▼▼▼
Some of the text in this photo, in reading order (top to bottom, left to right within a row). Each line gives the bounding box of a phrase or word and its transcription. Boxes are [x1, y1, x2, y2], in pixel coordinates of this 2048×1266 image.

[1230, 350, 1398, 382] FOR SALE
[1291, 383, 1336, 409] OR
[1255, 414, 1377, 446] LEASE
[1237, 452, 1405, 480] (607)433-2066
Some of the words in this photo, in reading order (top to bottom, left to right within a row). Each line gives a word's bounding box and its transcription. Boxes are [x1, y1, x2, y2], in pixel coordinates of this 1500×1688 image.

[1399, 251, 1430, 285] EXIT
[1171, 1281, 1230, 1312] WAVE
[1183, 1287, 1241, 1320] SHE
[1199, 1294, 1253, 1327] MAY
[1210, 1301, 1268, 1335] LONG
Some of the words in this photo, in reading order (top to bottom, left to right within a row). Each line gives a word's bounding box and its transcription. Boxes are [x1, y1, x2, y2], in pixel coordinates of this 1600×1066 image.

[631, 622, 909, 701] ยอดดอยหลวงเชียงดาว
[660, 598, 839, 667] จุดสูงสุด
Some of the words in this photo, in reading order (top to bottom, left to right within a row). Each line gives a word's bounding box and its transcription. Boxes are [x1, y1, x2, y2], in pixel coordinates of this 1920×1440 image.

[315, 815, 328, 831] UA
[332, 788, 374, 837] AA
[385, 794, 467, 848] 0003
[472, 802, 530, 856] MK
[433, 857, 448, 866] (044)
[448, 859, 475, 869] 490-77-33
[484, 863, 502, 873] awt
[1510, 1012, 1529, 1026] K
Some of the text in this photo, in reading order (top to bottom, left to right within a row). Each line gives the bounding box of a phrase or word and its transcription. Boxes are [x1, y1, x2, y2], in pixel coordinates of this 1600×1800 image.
▲▲▲
YOUR ASSIGNMENT - Your job is to copy all the records exactly.

TASK RESULT -
Some of the text in this photo, in reading order (top to bottom, left to right within a row). Each line gives the bounding box of a phrase or word and its transcription. Boxes are [x1, y1, x2, y2], in pixel coordinates of this 2048×1266 image.

[1230, 350, 1398, 382] FOR SALE
[1291, 383, 1336, 409] OR
[1255, 414, 1377, 446] LEASE
[1237, 452, 1405, 480] (607)433-2066
Some of the words in this photo, in reading order (top to bottom, left to right within a row). Each line gives a word's bounding box and its transcription. Boxes are [x1, y1, x2, y2], in pixel coordinates of this 1500×1688 image.

[1399, 251, 1430, 285] EXIT
[1171, 1281, 1230, 1312] WAVE
[1183, 1287, 1241, 1320] SHE
[1199, 1294, 1253, 1327] MAY
[1210, 1301, 1268, 1335] LONG
Some of the words in this photo, in reading order (top to bottom, left to right within a row). Each line gives a word's bounding box and its transcription. Boxes are [x1, y1, x2, y2], in pixel coordinates of this 1600×1066 image.

[631, 622, 909, 701] ยอดดอยหลวงเชียงดาว
[660, 598, 839, 667] จุดสูงสุด
Some of the words in this photo, in reading order (top to bottom, left to right within a row). Each line gives a word's bounding box and its transcription. Boxes are [x1, y1, x2, y2], in pixel coordinates of this 1920×1440 image.

[315, 815, 328, 831] UA
[332, 788, 374, 837] AA
[385, 794, 467, 848] 0003
[472, 802, 530, 856] MK
[433, 857, 448, 866] (044)
[448, 859, 475, 869] 490-77-33
[484, 863, 502, 873] awt
[1510, 1012, 1529, 1026] K
Some of the text in this photo, in reading order (top to bottom, left to right within a row). Each line gives the bounding box of a phrase or word and its transcription. Boxes are [x1, y1, x2, y2], in pixel coordinates of this 1600×1800 image.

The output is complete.